Graziella Valenti e Fernando Torres | De São Paulo

A Seabras, empresa de serviços para exploração marítima de petróleo, deu a largada para as captações com ações de 2012. A companhia pretende levantar até R$ 1,68 bilhão na BM&FBovespa. O sucesso da operação será um termômetro sobre o potencial do ano. A expectativa é que a Brasil Travel, companhia que reúne agências e operadoras de turismo, também inicie hoje sua operação e ajude a compor melhor esse cenário.
Embora ninguém se arrisque a fazer previsões de valores, o humor geral indica que o ano deve ser melhor que o segundo semestre de 2011, uma vez que a primeira metade do ano passado concentrou as colocações. Mas ainda há muito ceticismo, especialmente por parte dos investidores. Para aplicar, eles devem continuar pedindo preços atrativos.
A colocação da Seabras, liderada pelo BTG Pactual, é a primeira em ações desde outubro, quando a TIM Participações fez uma operação de R$ 1,71 bilhão. Contudo, já se vão seis meses desde a última abertura de capital, feita pela Abril Educação, numa oferta inicial de R$ 370 milhões.
Desde que o mercado de capitais foi revitalizado, em 2004, o maior intervalo sem uma oferta de ações foi de oito meses e ocorreu após o agravamento da crise financeira global, com a quebra do Lehman Brothers, entre o fim de 2008 e o começo de 2009. Também nessa época, a bolsa paulista ficou um ano sem registrar nenhum estreia. "O mercado de capitais é realidade no país. É natural que existam ofertas. O crescimento da economia passa por isso", resumiu o diretor de um dos mais ativos bancos de investimentos.
O início desta semana é um dos momentos finais para que as companhias possam dar a largada no processo de oferta de ações e ainda utilizar os balanços dos primeiros nove meses de 2011 no prospecto. Na prática, isso significa que, para aproveitar essa janela, a empresa precisaria ter garantido seu lugar na fila ainda no ano passado, encaminhando seu pedido de registro à Comissão de Valores Mobiliários (CVM). A lista de ofertas em análise na autarquia, além da Seabras e da Brasil Travel, só conta com a Isolux, do setor de infraestrutura.
Quem começar esse processo agora, pedindo registro ao regulador, terá de estar com o balanço de 2011 fechado.
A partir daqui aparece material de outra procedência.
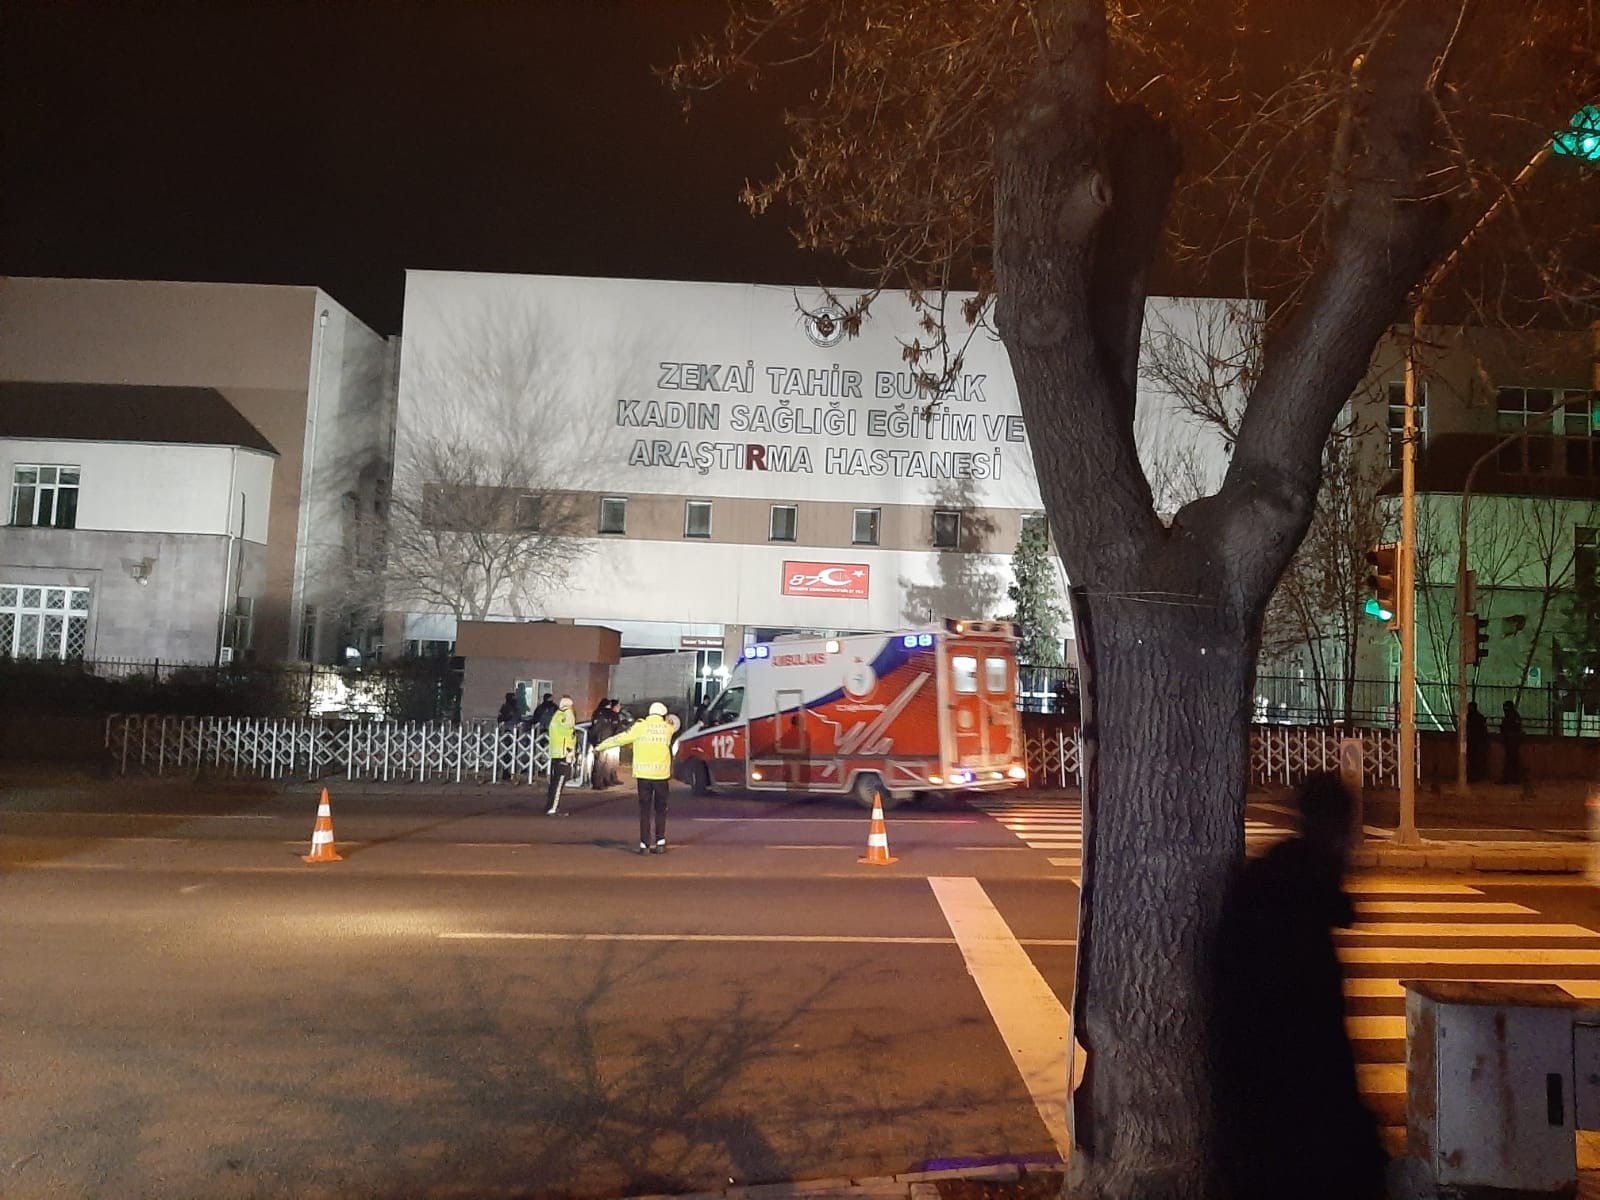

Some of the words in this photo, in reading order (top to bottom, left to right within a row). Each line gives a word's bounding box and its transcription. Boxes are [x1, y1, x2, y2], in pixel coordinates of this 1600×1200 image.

[657, 360, 754, 393] ZEKAİ
[766, 363, 863, 398] TAHİR
[616, 400, 720, 430] KADIN
[730, 400, 856, 436] SAĞLIĞI
[867, 403, 976, 441] EĞİTİM
[982, 414, 1025, 442] VE
[628, 439, 813, 475] ARAŞTIRMA
[825, 446, 1001, 480] HASTANESİ
[711, 735, 736, 759] 112
Por conta disso, a expectativa é que a sequência de ofertas demore um pouco a continuar, com as empresas ainda se preparando.
Segundo o Valor apurou, a companhia de turismo CVC, que chegou a entrar com pedido de oferta inicial de ações no ano passado, mas depois desistiu por conta das condições de mercado, retomaria sua oferta agora se estivesse com a operação em análise na CVM.
O bom humor dos banqueiros tem como ingredientes o acúmulo de caixa dos fundos de investimento, que retraíram as apostas em função da falta de visibilidade sobre a economia global, mas que precisam ir em busca de retorno para os cotistas. Além disso, as perspectivas pouco animadoras para a Europa também devem promover uma redistribuição das apostas, direcionando mais recursos para mercados emergentes- ao menos, é o que se espera. "Dinheiro não vai faltar", disse um deles ouvido pelo Valor.
Há uma soma de indicadores positivos que dão fôlego para a crença de que 2012 tem potencial para ser um bom ano. O primeiro, e mais óbvio, é o andamento do mercado. O Índice Bovespa acumula valorização de 10% neste início do ano. O fluxo de investimento estrangeiro estava positivo em R$ 3,5 bilhões, até o dia 18.
Além disso, o índice Vix, que mede a volatilidade das opções na bolsa americana e é visto como um termômetro do medo do mercado, caiu abaixo de 20 nos últimos dias, o que não ocorria desde julho de 2011. Segundo um banqueiro de investimentos, leituras abaixo de 30 nesse indicador já são suficientes para viabilizar um lançamento de ações.
Para esse executivo, o mercado queria muito mais ver a poeira baixar do que uma solução definitiva para os problemas na Europa. A dúvida é se a calmaria atual vai resistir por muito tempo.
Para um advogado especialista na área, que tem uma visão menos otimista, a percepção que ele teve quando viu o anúncio da oferta da Seabras é que "ela pode ser aquela andorinha que não será capaz de fazer o verão".
A lista de companhias que pretendiam listar suas ações na BM&FBovespa no ano passado tem nomes como a empresa de agronegócios Los Grobo, a InBrands (do setor de moda, que decidiu no fim do ano passado levantar R$ 250 milhões com debêntures), além de Camil, Copersucar, Cimentos Liz e das empresas da indústria de óleo e gás Petrorecôncavo e Perenco.
Com a paralisação das operações na segunda metade do ano, o acumulado das ofertas de ações em 2011 só foi maior do que o visto nos anos de 2004 e 2005, com um total de R$ 18 bilhões captados, em 11 ofertas iniciais e 11 subsequentes. Excluída a capitalização da Petrobras de R$ 120 bilhões em 2010, o melhor ano para o mercado foi disparado o de 2007, com um total de R$ 70 bilhões movimentados.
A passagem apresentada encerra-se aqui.